Aim of the exercise:
The lines running from the one that contains "this 1920×851 image." to the end of the records below are what to reproduce, exactly and without pictures.

Top of Data for review

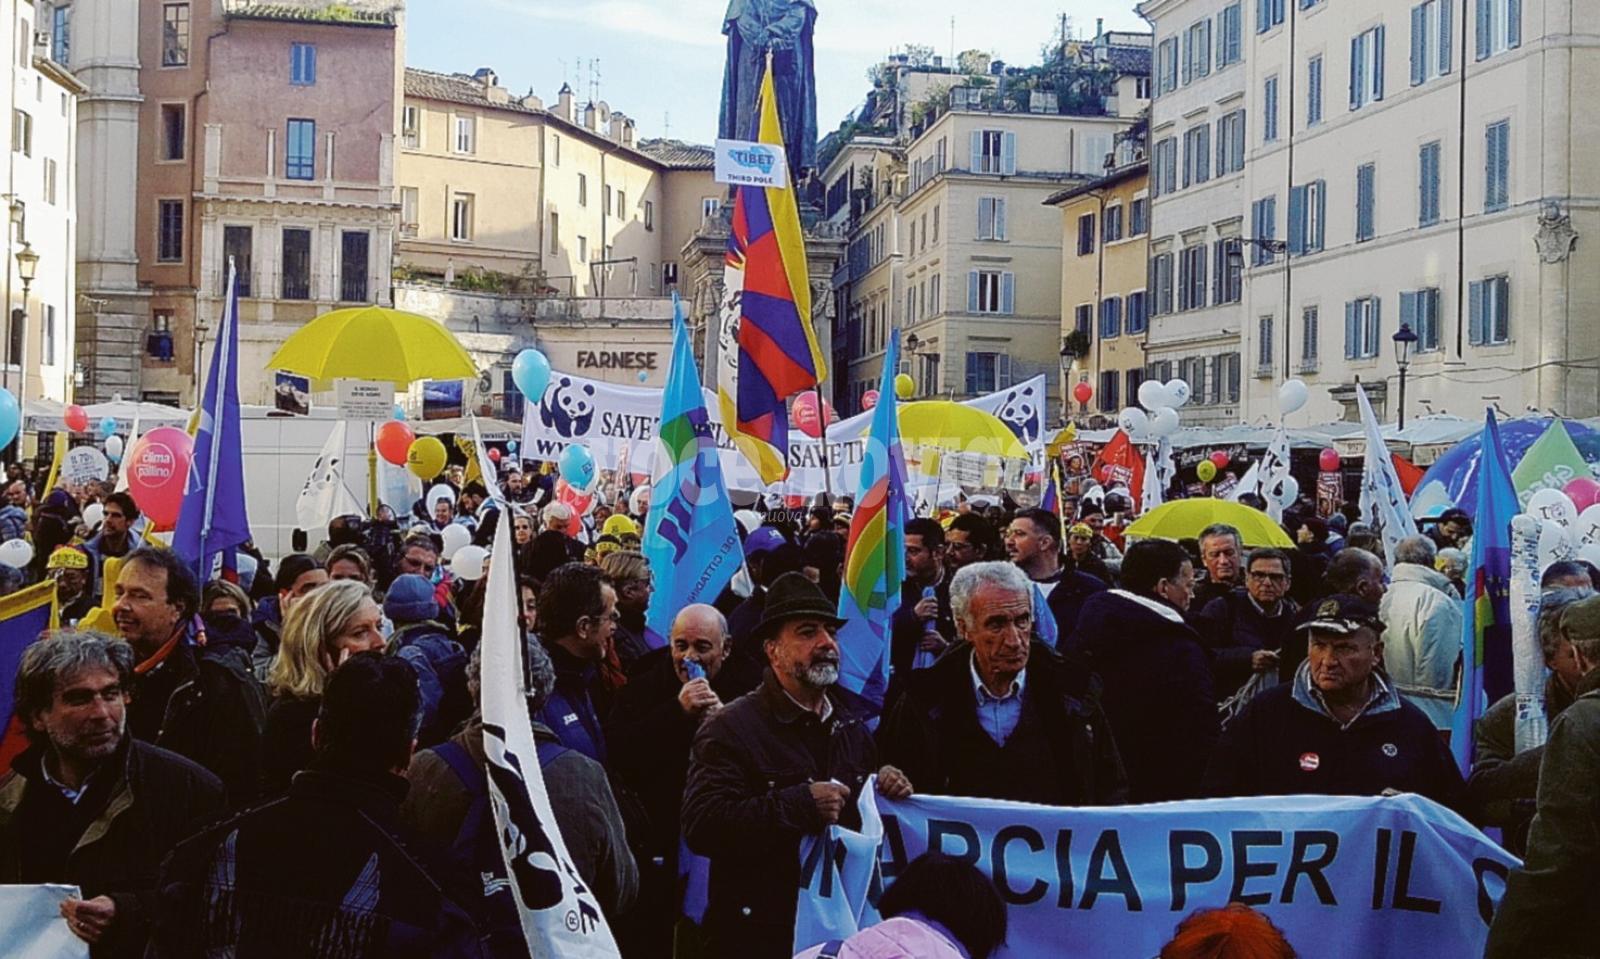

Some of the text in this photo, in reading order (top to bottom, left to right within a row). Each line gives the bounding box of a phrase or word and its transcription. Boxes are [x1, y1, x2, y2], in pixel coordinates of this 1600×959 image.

[734, 151, 773, 165] TIBET
[728, 174, 773, 184] THIRD POLE
[577, 350, 658, 369] FARNESE
[601, 412, 651, 441] SAVE
[142, 451, 170, 464] clima
[790, 441, 842, 469] SAVE
[138, 466, 169, 478] pallino
[1169, 829, 1339, 909] PER
[1371, 828, 1442, 916] IL
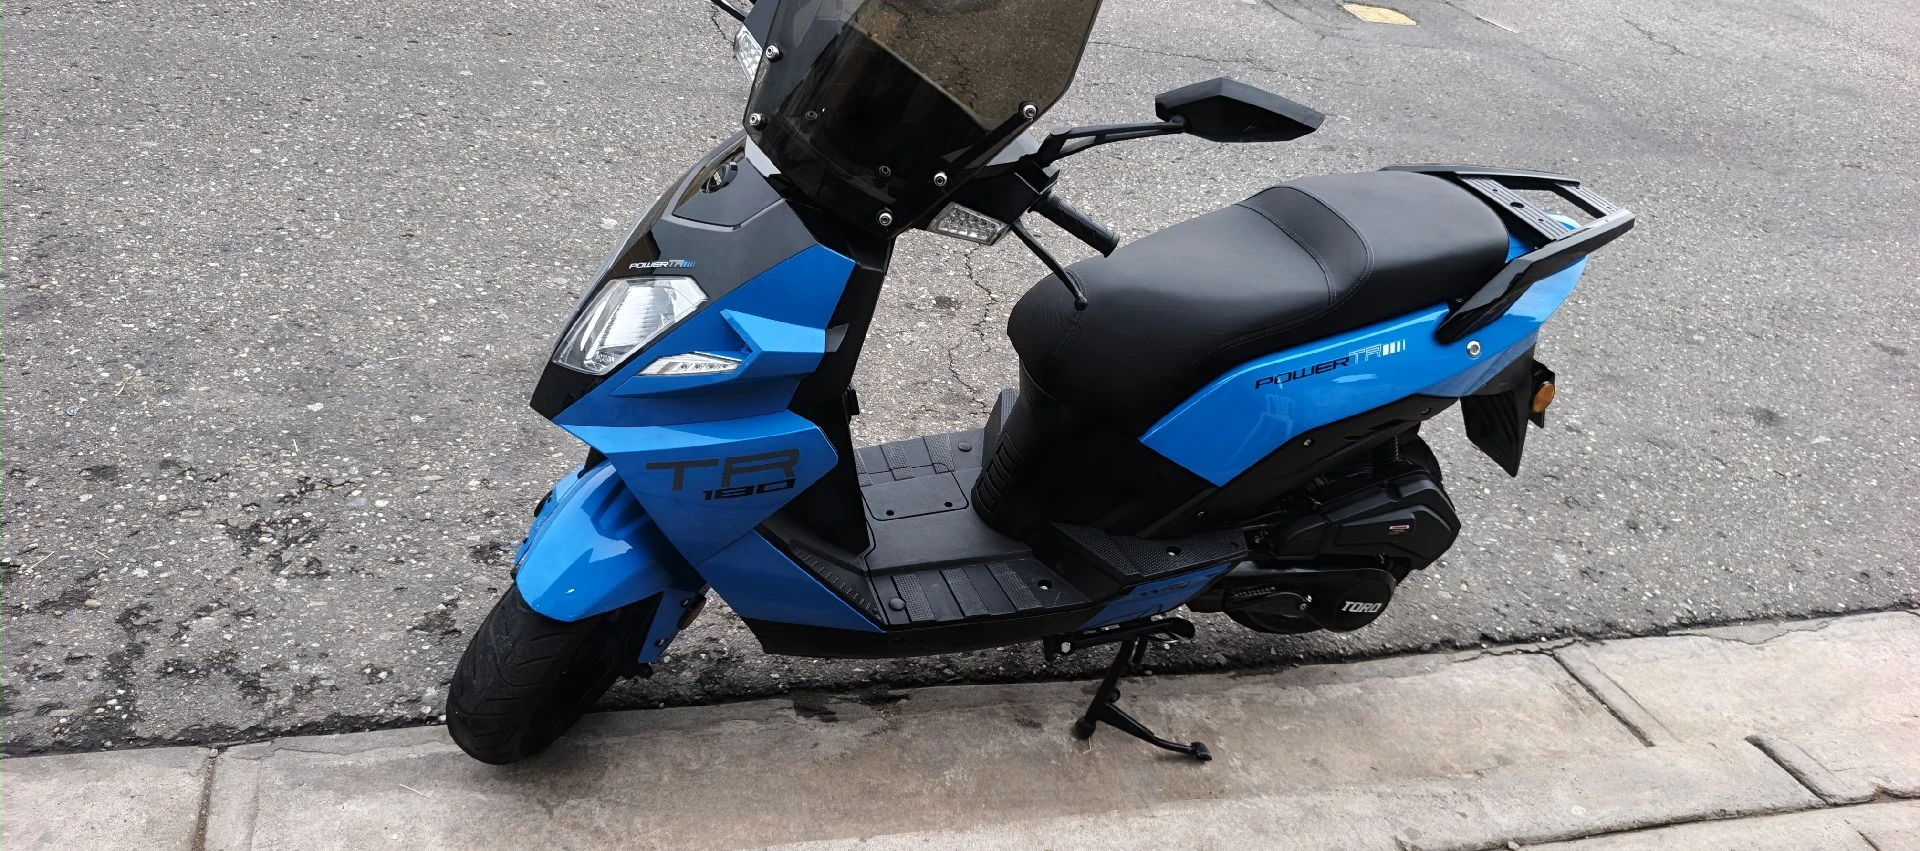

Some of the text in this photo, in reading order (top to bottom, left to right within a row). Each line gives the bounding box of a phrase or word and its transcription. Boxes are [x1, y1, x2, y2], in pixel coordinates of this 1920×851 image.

[646, 449, 800, 491] TR
[702, 478, 796, 500] 180
[1341, 601, 1382, 613] TORO
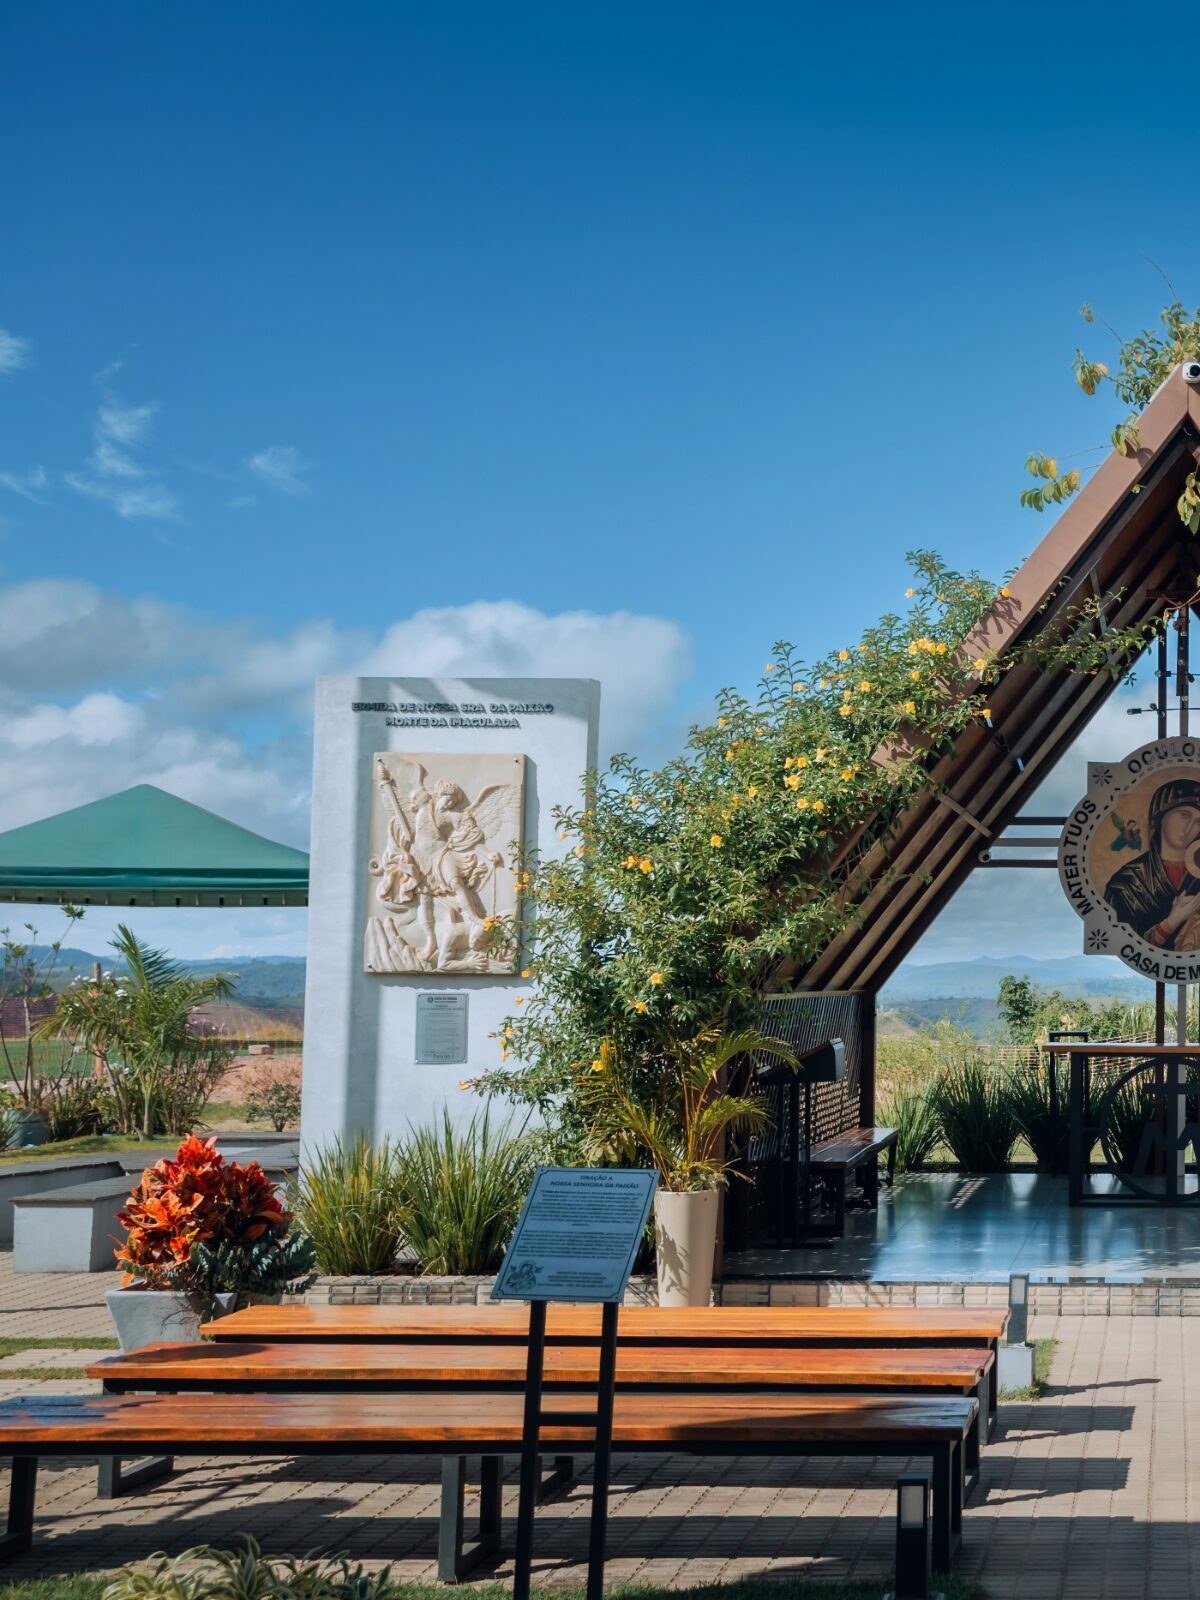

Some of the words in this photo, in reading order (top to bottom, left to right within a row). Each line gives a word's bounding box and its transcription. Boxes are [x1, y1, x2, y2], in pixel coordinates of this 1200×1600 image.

[351, 702, 398, 713] ERMIDA
[399, 702, 418, 713] DE
[418, 702, 460, 713] NOSSA
[461, 703, 487, 713] SRA
[489, 703, 509, 713] DA
[386, 717, 430, 727] MONTE
[430, 718, 450, 727] DA
[450, 718, 521, 728] IMACULADA
[1063, 800, 1097, 847] TUOS
[1064, 854, 1094, 916] MATER
[1120, 944, 1160, 977] CASA
[1163, 965, 1186, 980] DE

Bottom of Data for review

Exercise solution:
Some of the text in this photo, in reading order (top to bottom, left to right within a row). Each line gives the bounding box of a phrase or word and its transcription. Boxes are [x1, y1, x2, y2], in pixel coordinates of this 1920×851 image.

[646, 449, 800, 491] TR
[702, 478, 796, 500] 180
[1341, 601, 1382, 613] TORO

Some of the words in this photo, in reading order (top to bottom, left to right within a row). Each line gives a word's bounding box and its transcription. Boxes are [x1, y1, x2, y2], in pixel coordinates of this 1200×1600 image.

[351, 702, 398, 713] ERMIDA
[399, 702, 418, 713] DE
[418, 702, 460, 713] NOSSA
[461, 703, 487, 713] SRA
[489, 703, 509, 713] DA
[386, 717, 430, 727] MONTE
[430, 718, 450, 727] DA
[450, 718, 521, 728] IMACULADA
[1063, 800, 1097, 847] TUOS
[1064, 854, 1094, 916] MATER
[1120, 944, 1160, 977] CASA
[1163, 965, 1186, 980] DE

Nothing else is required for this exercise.